100 points, seven dimensions, one source of truth (apps/api/app/grading/dimensions.py). Mission YAMLs pin the same weights with const, and a CI invariant test fails the build if the docs and code ever drift apart.

Dimension	Max	What it measures	Hard cap / floor
Final patch correctness	30	Hidden + visible tests, no regression, root cause touched	Capped at 18 when any hidden test fails
Verification discipline	15	Ran the targeted tests / typecheck / lint — and acted on red	−6 if you submit with zero verification
Agent output review	15	Opened the diff, edited the agent's lines, pushed back	0 if you submit < 15 s after the agent responds with no diff open
Prompt quality	10	Specificity, scope constraints, asking for a regression test	LLM-judged with a cached, deterministic verdict
Context selection	10	Selected the required files; avoided the discouraged ones	Set comparison vs the mission manifest
Safety awareness	10	Didn't ship a forbidden change; no risky deps or commands	Per-mission forbidden-change validators
Diff minimality	10	Surgical change vs the mission's expected churn band	Symmetric `max(added, removed)` — destructive minimisation earns nothing

Determinism guarantees. The scorer is pure Python — no time.time(), no unseeded randomness, no network. The only LLM on the grading surface is the prompt judge, and it reads from a cache keyed by RUBRIC_VERSION; on a cache hit the model is never called. On a cold cache with the LLM unavailable, prompt-quality reports pending, is excluded from the total, and the report surfaces the measurement uncertainty rather than fabricating a number.

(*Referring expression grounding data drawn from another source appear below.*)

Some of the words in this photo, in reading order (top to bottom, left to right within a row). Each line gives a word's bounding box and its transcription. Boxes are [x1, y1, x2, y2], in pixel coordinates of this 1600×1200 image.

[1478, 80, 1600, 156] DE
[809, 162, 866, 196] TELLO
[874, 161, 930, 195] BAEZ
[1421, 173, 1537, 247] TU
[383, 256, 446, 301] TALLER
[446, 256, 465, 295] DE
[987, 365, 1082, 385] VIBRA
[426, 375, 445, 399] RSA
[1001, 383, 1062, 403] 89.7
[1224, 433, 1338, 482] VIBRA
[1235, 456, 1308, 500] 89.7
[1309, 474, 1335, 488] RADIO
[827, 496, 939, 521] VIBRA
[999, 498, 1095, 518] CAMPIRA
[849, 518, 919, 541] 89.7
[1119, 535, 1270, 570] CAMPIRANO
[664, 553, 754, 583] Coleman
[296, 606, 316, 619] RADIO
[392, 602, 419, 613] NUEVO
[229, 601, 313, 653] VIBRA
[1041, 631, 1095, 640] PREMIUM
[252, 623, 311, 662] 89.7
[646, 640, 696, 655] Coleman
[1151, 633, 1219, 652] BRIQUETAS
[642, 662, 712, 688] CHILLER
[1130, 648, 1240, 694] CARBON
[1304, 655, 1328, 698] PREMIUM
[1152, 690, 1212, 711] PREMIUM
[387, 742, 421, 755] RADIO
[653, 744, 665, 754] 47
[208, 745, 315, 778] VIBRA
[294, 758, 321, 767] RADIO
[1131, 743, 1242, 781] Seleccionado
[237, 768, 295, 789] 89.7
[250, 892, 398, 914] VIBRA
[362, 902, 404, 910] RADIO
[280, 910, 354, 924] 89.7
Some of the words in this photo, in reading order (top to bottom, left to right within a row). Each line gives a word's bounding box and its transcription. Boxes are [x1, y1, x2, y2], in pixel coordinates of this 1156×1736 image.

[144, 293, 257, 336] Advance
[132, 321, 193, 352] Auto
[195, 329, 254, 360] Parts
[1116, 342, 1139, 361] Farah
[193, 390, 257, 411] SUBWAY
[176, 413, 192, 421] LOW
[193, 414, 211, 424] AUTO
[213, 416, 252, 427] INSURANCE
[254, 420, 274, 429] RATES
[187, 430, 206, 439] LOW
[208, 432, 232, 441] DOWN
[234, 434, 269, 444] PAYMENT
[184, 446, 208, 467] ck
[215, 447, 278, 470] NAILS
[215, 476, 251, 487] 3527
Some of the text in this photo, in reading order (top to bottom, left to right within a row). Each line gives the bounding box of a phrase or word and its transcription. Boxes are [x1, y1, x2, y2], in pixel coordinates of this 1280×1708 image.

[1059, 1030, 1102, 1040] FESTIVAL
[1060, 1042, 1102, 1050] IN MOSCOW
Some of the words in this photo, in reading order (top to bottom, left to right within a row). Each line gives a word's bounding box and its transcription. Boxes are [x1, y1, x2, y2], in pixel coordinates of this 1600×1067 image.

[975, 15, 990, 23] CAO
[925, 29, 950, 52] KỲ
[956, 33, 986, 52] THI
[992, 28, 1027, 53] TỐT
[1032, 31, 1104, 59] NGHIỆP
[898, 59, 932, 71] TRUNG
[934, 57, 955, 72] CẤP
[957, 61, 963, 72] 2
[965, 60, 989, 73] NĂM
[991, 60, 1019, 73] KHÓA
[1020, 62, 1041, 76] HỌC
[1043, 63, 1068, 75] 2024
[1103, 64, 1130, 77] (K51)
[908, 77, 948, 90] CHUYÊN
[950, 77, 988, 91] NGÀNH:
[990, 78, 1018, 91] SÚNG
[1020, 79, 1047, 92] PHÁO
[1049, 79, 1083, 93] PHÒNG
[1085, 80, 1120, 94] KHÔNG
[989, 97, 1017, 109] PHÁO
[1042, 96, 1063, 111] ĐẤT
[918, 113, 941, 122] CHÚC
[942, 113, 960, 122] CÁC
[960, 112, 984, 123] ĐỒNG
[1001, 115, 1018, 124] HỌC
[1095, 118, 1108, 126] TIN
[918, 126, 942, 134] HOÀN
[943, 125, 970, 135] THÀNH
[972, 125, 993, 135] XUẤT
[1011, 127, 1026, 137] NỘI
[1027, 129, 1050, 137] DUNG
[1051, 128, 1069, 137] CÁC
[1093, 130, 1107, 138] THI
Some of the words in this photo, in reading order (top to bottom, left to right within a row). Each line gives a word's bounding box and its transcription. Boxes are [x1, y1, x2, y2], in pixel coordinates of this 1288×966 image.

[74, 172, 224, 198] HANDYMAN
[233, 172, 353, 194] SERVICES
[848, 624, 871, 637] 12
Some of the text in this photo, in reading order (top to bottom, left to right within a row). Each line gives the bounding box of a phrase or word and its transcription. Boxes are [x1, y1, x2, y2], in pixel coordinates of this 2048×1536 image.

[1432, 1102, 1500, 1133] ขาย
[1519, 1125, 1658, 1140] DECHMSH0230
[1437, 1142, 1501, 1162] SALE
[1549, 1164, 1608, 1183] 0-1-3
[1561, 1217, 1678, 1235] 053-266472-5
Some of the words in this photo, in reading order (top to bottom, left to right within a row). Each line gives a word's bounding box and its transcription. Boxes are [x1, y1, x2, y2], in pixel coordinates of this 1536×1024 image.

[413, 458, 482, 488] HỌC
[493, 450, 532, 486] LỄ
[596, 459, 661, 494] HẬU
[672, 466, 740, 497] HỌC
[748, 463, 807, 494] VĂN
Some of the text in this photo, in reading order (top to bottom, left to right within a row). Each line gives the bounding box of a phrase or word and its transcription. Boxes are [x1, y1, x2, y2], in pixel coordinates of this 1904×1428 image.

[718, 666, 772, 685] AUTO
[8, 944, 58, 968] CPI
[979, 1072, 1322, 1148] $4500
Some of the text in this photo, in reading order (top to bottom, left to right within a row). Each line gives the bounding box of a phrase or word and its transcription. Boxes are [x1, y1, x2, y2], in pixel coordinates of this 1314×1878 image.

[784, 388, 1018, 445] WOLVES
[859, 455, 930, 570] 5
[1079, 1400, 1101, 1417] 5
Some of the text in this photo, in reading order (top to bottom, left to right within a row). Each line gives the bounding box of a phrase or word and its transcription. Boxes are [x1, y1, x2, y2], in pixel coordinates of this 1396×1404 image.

See docs/grading.md for an end-to-end worked example and ADR 0006 / ADR 0011 for the rationale.

🗂️ Mission catalog

21 missions (a guided tutorial + 20 graded) span 3 repo packs and 3 language runtimes. Each ships a manifest, a deliberately-flawed agent_patch.diff, a hidden test suite, forbidden-change rules, an ideal solution, and an acceptance.yaml score envelope that CI replays through the scorer.

Repo pack	Stack	Missions
🟦 `fullstack-auth-demo`	Express + Vite + TypeScript	auth cookie expiration · wrong-file fix · missing regression test · removed security guard · excessive rewrite · API-contract drift · typecheck ignored · React state desync · Zod narrowing
🟨 `data-api-demo`	Python · FastAPI + SQLAlchemy + Pytest	overfitted test fix · dependency misuse · async race condition · pandas perf trap · Pydantic coercion · async-cancel shielding
🟩 `go-orders-service`	Go 1.22 · chi + worker pool	goroutine leak · dropped `context.Context` · error shadowed by wrap · channel deadlock on cancel · SQL transaction leak

Full mission list (00–20)

#	Mission	Failure mode	Pack
00	Orientation (guided tutorial)	—	`fullstack-auth-demo`
01	Auth cookie expiration	checks presence, not expiration	`fullstack-auth-demo`
02	Agent edits the wrong file	wrong layer committed	`fullstack-auth-demo`
03	Missing regression test	duplicate submission, no test	`fullstack-auth-demo`
04	Overfitted test fix	hardcodes the visible case	`data-api-demo`
05	Security validation removed	drops an auth guard	`fullstack-auth-demo`
06	Excessive rewrite	rewrites half the component	`fullstack-auth-demo`
07	Dependency misuse	wrong/deprecated dep, DST bug	`data-api-demo`
08	Async race condition	non-transactional state flip	`data-api-demo`
09	API contract drift	updates one of three callers	`fullstack-auth-demo`
10	Typecheck ignored	`as any` casts past the checker	`fullstack-auth-demo`
11	Goroutine leak	leaks on early return	`go-orders-service`
12	Context cancel dropped	drops `context.Context` propagation	`go-orders-service`
13	Error shadowed by wrap	swallows `errors.Is`	`go-orders-service`
14	React shop state desync	stale client state	`fullstack-auth-demo`
15	TypeScript Zod narrowing	unsound narrowing	`fullstack-auth-demo`
16	Python pandas perf trap	accidental O(n²)	`data-api-demo`
17	FastAPI Pydantic coercion	silent type coercion	`data-api-demo`
18	Go channel deadlock on cancel	unbuffered close deadlock	`go-orders-service`
19	Python async-cancel shielding	swallows cancellation	`data-api-demo`
20	Go SQL transaction leak	leaks a transaction	`go-orders-service`

The canonical, always-current inventory lives in missions/README.md.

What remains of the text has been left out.